- **PROBLEM STATEMENT**: Print the listing again exactly, leaving nothing out.
+++ EXERCISE DATA +++
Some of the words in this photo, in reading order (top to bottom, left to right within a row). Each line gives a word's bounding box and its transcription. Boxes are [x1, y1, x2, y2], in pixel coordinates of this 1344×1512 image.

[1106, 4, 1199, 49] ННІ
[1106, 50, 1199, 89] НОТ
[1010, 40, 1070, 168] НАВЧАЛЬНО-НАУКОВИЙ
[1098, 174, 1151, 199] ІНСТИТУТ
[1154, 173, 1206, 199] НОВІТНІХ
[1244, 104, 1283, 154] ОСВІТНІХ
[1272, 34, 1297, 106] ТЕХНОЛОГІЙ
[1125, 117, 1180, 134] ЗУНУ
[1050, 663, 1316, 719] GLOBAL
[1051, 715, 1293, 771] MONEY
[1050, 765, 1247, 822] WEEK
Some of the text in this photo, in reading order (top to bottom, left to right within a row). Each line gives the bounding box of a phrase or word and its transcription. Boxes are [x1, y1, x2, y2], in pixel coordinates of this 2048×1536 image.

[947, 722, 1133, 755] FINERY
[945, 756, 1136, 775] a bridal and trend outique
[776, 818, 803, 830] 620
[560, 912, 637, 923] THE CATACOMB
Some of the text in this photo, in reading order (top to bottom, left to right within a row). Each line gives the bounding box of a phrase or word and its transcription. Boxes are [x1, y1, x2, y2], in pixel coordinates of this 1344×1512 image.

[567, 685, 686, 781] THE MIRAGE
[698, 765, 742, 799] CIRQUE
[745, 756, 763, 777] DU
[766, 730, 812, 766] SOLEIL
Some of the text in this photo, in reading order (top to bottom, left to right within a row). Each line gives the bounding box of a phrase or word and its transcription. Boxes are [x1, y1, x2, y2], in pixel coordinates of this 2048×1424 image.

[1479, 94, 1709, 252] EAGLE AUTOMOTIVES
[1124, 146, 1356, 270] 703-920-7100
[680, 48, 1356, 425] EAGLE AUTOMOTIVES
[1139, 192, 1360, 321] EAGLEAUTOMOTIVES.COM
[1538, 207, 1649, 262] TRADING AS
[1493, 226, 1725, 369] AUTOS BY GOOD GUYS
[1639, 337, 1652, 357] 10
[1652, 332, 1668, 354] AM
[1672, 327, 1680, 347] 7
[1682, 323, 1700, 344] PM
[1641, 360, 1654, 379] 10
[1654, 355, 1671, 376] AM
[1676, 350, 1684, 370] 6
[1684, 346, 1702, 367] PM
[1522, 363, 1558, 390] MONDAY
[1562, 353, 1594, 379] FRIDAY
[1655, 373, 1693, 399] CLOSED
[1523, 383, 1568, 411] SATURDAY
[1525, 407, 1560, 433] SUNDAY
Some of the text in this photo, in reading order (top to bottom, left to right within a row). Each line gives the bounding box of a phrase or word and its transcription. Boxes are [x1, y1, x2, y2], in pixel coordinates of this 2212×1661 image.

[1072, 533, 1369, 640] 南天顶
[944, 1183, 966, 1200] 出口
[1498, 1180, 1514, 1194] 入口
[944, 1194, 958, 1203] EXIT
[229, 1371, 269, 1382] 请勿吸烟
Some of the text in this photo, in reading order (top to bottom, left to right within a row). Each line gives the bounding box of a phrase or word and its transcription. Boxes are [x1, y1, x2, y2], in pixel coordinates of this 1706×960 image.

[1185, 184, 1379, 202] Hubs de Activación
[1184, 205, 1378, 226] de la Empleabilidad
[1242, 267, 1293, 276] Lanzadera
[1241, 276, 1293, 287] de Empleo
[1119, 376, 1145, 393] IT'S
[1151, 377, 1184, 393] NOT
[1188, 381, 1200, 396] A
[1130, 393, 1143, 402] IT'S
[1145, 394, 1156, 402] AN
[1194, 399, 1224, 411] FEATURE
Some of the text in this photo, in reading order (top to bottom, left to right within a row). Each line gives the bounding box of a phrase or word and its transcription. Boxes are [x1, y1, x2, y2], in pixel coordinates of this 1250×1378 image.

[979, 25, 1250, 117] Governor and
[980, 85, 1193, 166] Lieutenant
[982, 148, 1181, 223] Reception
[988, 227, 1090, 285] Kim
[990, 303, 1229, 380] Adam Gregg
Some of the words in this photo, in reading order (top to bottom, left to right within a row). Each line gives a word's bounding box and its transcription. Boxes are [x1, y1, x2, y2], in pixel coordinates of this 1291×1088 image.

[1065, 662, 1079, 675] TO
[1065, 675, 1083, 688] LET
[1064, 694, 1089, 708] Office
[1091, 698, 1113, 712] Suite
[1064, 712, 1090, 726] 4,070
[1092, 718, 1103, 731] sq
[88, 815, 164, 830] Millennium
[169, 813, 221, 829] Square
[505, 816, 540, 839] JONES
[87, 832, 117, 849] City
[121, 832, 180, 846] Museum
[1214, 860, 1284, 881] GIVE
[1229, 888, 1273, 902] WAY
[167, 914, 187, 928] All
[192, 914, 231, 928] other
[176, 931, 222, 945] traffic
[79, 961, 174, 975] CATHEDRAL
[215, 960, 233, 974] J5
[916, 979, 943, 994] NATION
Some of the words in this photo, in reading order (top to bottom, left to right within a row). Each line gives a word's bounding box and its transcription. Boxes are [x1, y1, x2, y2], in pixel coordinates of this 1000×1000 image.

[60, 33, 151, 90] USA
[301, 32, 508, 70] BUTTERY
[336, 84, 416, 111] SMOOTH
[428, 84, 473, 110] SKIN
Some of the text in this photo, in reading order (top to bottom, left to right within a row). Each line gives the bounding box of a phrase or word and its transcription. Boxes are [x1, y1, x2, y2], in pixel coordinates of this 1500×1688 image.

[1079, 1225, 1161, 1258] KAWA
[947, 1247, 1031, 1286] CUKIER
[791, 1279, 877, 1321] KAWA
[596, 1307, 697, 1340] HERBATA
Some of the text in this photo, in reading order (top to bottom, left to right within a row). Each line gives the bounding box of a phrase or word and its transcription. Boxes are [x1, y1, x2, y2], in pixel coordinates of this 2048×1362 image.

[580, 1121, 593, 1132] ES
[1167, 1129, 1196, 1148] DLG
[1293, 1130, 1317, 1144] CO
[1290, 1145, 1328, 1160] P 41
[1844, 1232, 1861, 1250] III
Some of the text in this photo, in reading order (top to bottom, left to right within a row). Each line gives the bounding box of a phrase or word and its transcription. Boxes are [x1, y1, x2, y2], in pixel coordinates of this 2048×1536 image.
+++
- **FINISHED EXERCISE**:
Some of the words in this photo, in reading order (top to bottom, left to right within a row). Each line gives a word's bounding box and its transcription. Boxes are [x1, y1, x2, y2], in pixel coordinates of this 1344×1512 image.

[1106, 4, 1199, 49] ННІ
[1106, 50, 1199, 89] НОТ
[1010, 40, 1070, 168] НАВЧАЛЬНО-НАУКОВИЙ
[1098, 174, 1151, 199] ІНСТИТУТ
[1154, 173, 1206, 199] НОВІТНІХ
[1244, 104, 1283, 154] ОСВІТНІХ
[1272, 34, 1297, 106] ТЕХНОЛОГІЙ
[1125, 117, 1180, 134] ЗУНУ
[1050, 663, 1316, 719] GLOBAL
[1051, 715, 1293, 771] MONEY
[1050, 765, 1247, 822] WEEK
Some of the text in this photo, in reading order (top to bottom, left to right within a row). Each line gives the bounding box of a phrase or word and its transcription. Boxes are [x1, y1, x2, y2], in pixel coordinates of this 2048×1536 image.

[947, 722, 1133, 755] FINERY
[945, 756, 1136, 775] a bridal and trend outique
[776, 818, 803, 830] 620
[560, 912, 637, 923] THE CATACOMB
Some of the text in this photo, in reading order (top to bottom, left to right within a row). Each line gives the bounding box of a phrase or word and its transcription. Boxes are [x1, y1, x2, y2], in pixel coordinates of this 1344×1512 image.

[567, 685, 686, 781] THE MIRAGE
[698, 765, 742, 799] CIRQUE
[745, 756, 763, 777] DU
[766, 730, 812, 766] SOLEIL
Some of the text in this photo, in reading order (top to bottom, left to right within a row). Each line gives the bounding box of a phrase or word and its transcription. Boxes are [x1, y1, x2, y2], in pixel coordinates of this 2048×1424 image.

[1479, 94, 1709, 252] EAGLE AUTOMOTIVES
[1124, 146, 1356, 270] 703-920-7100
[680, 48, 1356, 425] EAGLE AUTOMOTIVES
[1139, 192, 1360, 321] EAGLEAUTOMOTIVES.COM
[1538, 207, 1649, 262] TRADING AS
[1493, 226, 1725, 369] AUTOS BY GOOD GUYS
[1639, 337, 1652, 357] 10
[1652, 332, 1668, 354] AM
[1672, 327, 1680, 347] 7
[1682, 323, 1700, 344] PM
[1641, 360, 1654, 379] 10
[1654, 355, 1671, 376] AM
[1676, 350, 1684, 370] 6
[1684, 346, 1702, 367] PM
[1522, 363, 1558, 390] MONDAY
[1562, 353, 1594, 379] FRIDAY
[1655, 373, 1693, 399] CLOSED
[1523, 383, 1568, 411] SATURDAY
[1525, 407, 1560, 433] SUNDAY
Some of the text in this photo, in reading order (top to bottom, left to right within a row). Each line gives the bounding box of a phrase or word and its transcription. Boxes are [x1, y1, x2, y2], in pixel coordinates of this 2212×1661 image.

[1072, 533, 1369, 640] 南天顶
[944, 1183, 966, 1200] 出口
[1498, 1180, 1514, 1194] 入口
[944, 1194, 958, 1203] EXIT
[229, 1371, 269, 1382] 请勿吸烟
Some of the text in this photo, in reading order (top to bottom, left to right within a row). Each line gives the bounding box of a phrase or word and its transcription. Boxes are [x1, y1, x2, y2], in pixel coordinates of this 1706×960 image.

[1185, 184, 1379, 202] Hubs de Activación
[1184, 205, 1378, 226] de la Empleabilidad
[1242, 267, 1293, 276] Lanzadera
[1241, 276, 1293, 287] de Empleo
[1119, 376, 1145, 393] IT'S
[1151, 377, 1184, 393] NOT
[1188, 381, 1200, 396] A
[1130, 393, 1143, 402] IT'S
[1145, 394, 1156, 402] AN
[1194, 399, 1224, 411] FEATURE
Some of the text in this photo, in reading order (top to bottom, left to right within a row). Each line gives the bounding box of a phrase or word and its transcription. Boxes are [x1, y1, x2, y2], in pixel coordinates of this 1250×1378 image.

[979, 25, 1250, 117] Governor and
[980, 85, 1193, 166] Lieutenant
[982, 148, 1181, 223] Reception
[988, 227, 1090, 285] Kim
[990, 303, 1229, 380] Adam Gregg
Some of the words in this photo, in reading order (top to bottom, left to right within a row). Each line gives a word's bounding box and its transcription. Boxes are [x1, y1, x2, y2], in pixel coordinates of this 1291×1088 image.

[1065, 662, 1079, 675] TO
[1065, 675, 1083, 688] LET
[1064, 694, 1089, 708] Office
[1091, 698, 1113, 712] Suite
[1064, 712, 1090, 726] 4,070
[1092, 718, 1103, 731] sq
[88, 815, 164, 830] Millennium
[169, 813, 221, 829] Square
[505, 816, 540, 839] JONES
[87, 832, 117, 849] City
[121, 832, 180, 846] Museum
[1214, 860, 1284, 881] GIVE
[1229, 888, 1273, 902] WAY
[167, 914, 187, 928] All
[192, 914, 231, 928] other
[176, 931, 222, 945] traffic
[79, 961, 174, 975] CATHEDRAL
[215, 960, 233, 974] J5
[916, 979, 943, 994] NATION
Some of the words in this photo, in reading order (top to bottom, left to right within a row). Each line gives a word's bounding box and its transcription. Boxes are [x1, y1, x2, y2], in pixel coordinates of this 1000×1000 image.

[60, 33, 151, 90] USA
[301, 32, 508, 70] BUTTERY
[336, 84, 416, 111] SMOOTH
[428, 84, 473, 110] SKIN
Some of the text in this photo, in reading order (top to bottom, left to right within a row). Each line gives the bounding box of a phrase or word and its transcription. Boxes are [x1, y1, x2, y2], in pixel coordinates of this 1500×1688 image.

[1079, 1225, 1161, 1258] KAWA
[947, 1247, 1031, 1286] CUKIER
[791, 1279, 877, 1321] KAWA
[596, 1307, 697, 1340] HERBATA
Some of the text in this photo, in reading order (top to bottom, left to right within a row). Each line gives the bounding box of a phrase or word and its transcription. Boxes are [x1, y1, x2, y2], in pixel coordinates of this 2048×1362 image.

[580, 1121, 593, 1132] ES
[1167, 1129, 1196, 1148] DLG
[1293, 1130, 1317, 1144] CO
[1290, 1145, 1328, 1160] P 41
[1844, 1232, 1861, 1250] III
Some of the text in this photo, in reading order (top to bottom, left to right within a row). Each line gives the bounding box of a phrase or word and its transcription. Boxes are [x1, y1, x2, y2], in pixel coordinates of this 2048×1536 image.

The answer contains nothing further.